Metagenomic Assembly of Methanotrophic and Methylotrophic Bacterial Genomes from a Salt-Tolerant Zodletone Enrichment Culture

Methane is a potent greenhouse gas with a global warming potential 28 to36 times higher than CO2, significantly contributing to climate change. Conventional mitigation strategies, such as mechanically plugging abandoned oil and gas (AOG) wells, are often costly and ineffective. Microbial methane oxidation offers a promising alternative for reducing emissions from these wells. This study aimed to enrich a salt-tolerant methane-oxidizing microbial community from sediment collected at the sulfur-rich Zodletone Spring, Oklahoma.Enrichment cultures were established in serum bottles containing mineral salts medium supplemented with 2.5 M NaCl and 1% methane in the headspace. Despite multiple isolation attempts using various culturomics techniques, including dilution-to-extinction, pure cultures of methane-oxidizing microorganisms could not be obtained.

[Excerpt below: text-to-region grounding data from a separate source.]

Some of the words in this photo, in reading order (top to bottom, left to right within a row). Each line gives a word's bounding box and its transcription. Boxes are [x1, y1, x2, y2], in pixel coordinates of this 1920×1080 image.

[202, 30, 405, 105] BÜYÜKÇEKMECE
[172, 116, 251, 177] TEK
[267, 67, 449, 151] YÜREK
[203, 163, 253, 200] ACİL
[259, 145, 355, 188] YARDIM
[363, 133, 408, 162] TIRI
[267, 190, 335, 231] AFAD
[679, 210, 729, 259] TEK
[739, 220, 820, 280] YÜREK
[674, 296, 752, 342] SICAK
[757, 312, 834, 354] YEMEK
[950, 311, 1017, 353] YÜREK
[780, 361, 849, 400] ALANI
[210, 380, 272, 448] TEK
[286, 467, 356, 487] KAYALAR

Serial 10-fold dilutions (10E-1 to 10E-14) were performed, with methane oxidation monitored at each dilution. Oxidation was observed at 10E-9 after 25 weeks of incubation, but no activity was detected at higher dilutions, even with extended incubation.To characterize the community structure and function, total genomic DNA was extracted from the 10E-9 culture using the DNeasy PowerSoil Pro Kit. Shotgun metagenome sequencing was conducted (BMKgene, USA) on the Illumina platform. The genomic DNA was sheared into short fragments, end-repaired, A-tailed, and ligated with Illumina adapters. After PCR amplification, size selection, and purification, the sequencing library was prepared. The final dataset consisted of 72,203,262 reads, totaling 11,004,544,590 bp after cleanup.